Extracted records:
====

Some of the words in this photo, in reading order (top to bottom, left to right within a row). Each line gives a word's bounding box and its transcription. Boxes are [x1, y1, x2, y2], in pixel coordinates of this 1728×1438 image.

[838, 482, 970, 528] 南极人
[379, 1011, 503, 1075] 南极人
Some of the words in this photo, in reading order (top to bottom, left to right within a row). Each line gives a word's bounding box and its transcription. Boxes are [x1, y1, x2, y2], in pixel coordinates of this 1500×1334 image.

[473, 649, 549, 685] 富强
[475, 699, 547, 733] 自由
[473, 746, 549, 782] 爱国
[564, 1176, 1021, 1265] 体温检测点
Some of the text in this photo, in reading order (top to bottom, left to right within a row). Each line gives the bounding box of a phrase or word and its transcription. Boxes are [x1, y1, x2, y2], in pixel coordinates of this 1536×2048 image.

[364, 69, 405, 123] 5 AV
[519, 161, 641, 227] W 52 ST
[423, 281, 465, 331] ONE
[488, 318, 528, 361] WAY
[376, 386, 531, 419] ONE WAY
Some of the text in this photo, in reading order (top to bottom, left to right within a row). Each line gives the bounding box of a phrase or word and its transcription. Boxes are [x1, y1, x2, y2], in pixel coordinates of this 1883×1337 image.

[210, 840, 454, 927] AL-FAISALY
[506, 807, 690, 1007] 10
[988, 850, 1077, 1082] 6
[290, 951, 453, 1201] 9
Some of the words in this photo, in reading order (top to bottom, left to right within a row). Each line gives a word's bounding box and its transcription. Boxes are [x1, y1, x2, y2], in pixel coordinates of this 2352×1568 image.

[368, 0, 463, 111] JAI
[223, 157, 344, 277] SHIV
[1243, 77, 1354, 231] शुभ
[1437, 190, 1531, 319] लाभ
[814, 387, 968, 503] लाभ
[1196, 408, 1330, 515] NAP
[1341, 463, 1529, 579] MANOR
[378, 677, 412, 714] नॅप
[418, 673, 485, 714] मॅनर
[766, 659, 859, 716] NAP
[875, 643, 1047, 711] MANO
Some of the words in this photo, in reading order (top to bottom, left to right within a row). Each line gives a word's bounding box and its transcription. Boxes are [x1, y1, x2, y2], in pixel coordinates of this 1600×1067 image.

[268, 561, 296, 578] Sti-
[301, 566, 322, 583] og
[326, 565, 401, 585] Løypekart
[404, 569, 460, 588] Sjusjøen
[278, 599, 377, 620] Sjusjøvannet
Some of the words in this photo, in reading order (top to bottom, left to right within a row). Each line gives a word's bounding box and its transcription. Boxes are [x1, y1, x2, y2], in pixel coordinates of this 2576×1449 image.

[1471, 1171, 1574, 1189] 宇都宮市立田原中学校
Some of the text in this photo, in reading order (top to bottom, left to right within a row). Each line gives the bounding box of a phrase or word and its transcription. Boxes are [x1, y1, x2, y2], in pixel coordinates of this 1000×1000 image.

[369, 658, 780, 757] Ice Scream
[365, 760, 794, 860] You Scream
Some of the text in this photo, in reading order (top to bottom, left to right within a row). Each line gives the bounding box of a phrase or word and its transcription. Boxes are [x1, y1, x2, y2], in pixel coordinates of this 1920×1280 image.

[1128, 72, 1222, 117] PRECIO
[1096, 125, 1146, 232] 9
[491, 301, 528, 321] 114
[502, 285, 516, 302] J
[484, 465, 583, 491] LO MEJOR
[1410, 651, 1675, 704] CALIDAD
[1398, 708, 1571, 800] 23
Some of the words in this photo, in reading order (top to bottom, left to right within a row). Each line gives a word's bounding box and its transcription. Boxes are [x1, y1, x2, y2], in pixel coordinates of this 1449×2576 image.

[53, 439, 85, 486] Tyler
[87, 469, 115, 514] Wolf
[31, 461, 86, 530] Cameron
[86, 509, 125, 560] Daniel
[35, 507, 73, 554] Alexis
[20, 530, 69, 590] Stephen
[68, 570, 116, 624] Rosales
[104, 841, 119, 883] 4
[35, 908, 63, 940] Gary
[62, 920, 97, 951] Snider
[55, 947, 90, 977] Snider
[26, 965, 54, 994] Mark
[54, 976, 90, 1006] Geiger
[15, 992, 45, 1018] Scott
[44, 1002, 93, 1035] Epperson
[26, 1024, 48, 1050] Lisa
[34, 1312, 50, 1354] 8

====

Without any change, reproduce the data in full.

* [Task answer]
Some of the words in this photo, in reading order (top to bottom, left to right within a row). Each line gives a word's bounding box and its transcription. Boxes are [x1, y1, x2, y2], in pixel coordinates of this 1728×1438 image.

[838, 482, 970, 528] 南极人
[379, 1011, 503, 1075] 南极人
Some of the words in this photo, in reading order (top to bottom, left to right within a row). Each line gives a word's bounding box and its transcription. Boxes are [x1, y1, x2, y2], in pixel coordinates of this 1500×1334 image.

[473, 649, 549, 685] 富强
[475, 699, 547, 733] 自由
[473, 746, 549, 782] 爱国
[564, 1176, 1021, 1265] 体温检测点
Some of the text in this photo, in reading order (top to bottom, left to right within a row). Each line gives the bounding box of a phrase or word and its transcription. Boxes are [x1, y1, x2, y2], in pixel coordinates of this 1536×2048 image.

[364, 69, 405, 123] 5 AV
[519, 161, 641, 227] W 52 ST
[423, 281, 465, 331] ONE
[488, 318, 528, 361] WAY
[376, 386, 531, 419] ONE WAY
Some of the text in this photo, in reading order (top to bottom, left to right within a row). Each line gives the bounding box of a phrase or word and its transcription. Boxes are [x1, y1, x2, y2], in pixel coordinates of this 1883×1337 image.

[210, 840, 454, 927] AL-FAISALY
[506, 807, 690, 1007] 10
[988, 850, 1077, 1082] 6
[290, 951, 453, 1201] 9
Some of the words in this photo, in reading order (top to bottom, left to right within a row). Each line gives a word's bounding box and its transcription. Boxes are [x1, y1, x2, y2], in pixel coordinates of this 2352×1568 image.

[368, 0, 463, 111] JAI
[223, 157, 344, 277] SHIV
[1243, 77, 1354, 231] शुभ
[1437, 190, 1531, 319] लाभ
[814, 387, 968, 503] लाभ
[1196, 408, 1330, 515] NAP
[1341, 463, 1529, 579] MANOR
[378, 677, 412, 714] नॅप
[418, 673, 485, 714] मॅनर
[766, 659, 859, 716] NAP
[875, 643, 1047, 711] MANO
Some of the words in this photo, in reading order (top to bottom, left to right within a row). Each line gives a word's bounding box and its transcription. Boxes are [x1, y1, x2, y2], in pixel coordinates of this 1600×1067 image.

[268, 561, 296, 578] Sti-
[301, 566, 322, 583] og
[326, 565, 401, 585] Løypekart
[404, 569, 460, 588] Sjusjøen
[278, 599, 377, 620] Sjusjøvannet
Some of the words in this photo, in reading order (top to bottom, left to right within a row). Each line gives a word's bounding box and its transcription. Boxes are [x1, y1, x2, y2], in pixel coordinates of this 2576×1449 image.

[1471, 1171, 1574, 1189] 宇都宮市立田原中学校
Some of the text in this photo, in reading order (top to bottom, left to right within a row). Each line gives the bounding box of a phrase or word and its transcription. Boxes are [x1, y1, x2, y2], in pixel coordinates of this 1000×1000 image.

[369, 658, 780, 757] Ice Scream
[365, 760, 794, 860] You Scream
Some of the text in this photo, in reading order (top to bottom, left to right within a row). Each line gives the bounding box of a phrase or word and its transcription. Boxes are [x1, y1, x2, y2], in pixel coordinates of this 1920×1280 image.

[1128, 72, 1222, 117] PRECIO
[1096, 125, 1146, 232] 9
[491, 301, 528, 321] 114
[502, 285, 516, 302] J
[484, 465, 583, 491] LO MEJOR
[1410, 651, 1675, 704] CALIDAD
[1398, 708, 1571, 800] 23
Some of the words in this photo, in reading order (top to bottom, left to right within a row). Each line gives a word's bounding box and its transcription. Boxes are [x1, y1, x2, y2], in pixel coordinates of this 1449×2576 image.

[53, 439, 85, 486] Tyler
[87, 469, 115, 514] Wolf
[31, 461, 86, 530] Cameron
[86, 509, 125, 560] Daniel
[35, 507, 73, 554] Alexis
[20, 530, 69, 590] Stephen
[68, 570, 116, 624] Rosales
[104, 841, 119, 883] 4
[35, 908, 63, 940] Gary
[62, 920, 97, 951] Snider
[55, 947, 90, 977] Snider
[26, 965, 54, 994] Mark
[54, 976, 90, 1006] Geiger
[15, 992, 45, 1018] Scott
[44, 1002, 93, 1035] Epperson
[26, 1024, 48, 1050] Lisa
[34, 1312, 50, 1354] 8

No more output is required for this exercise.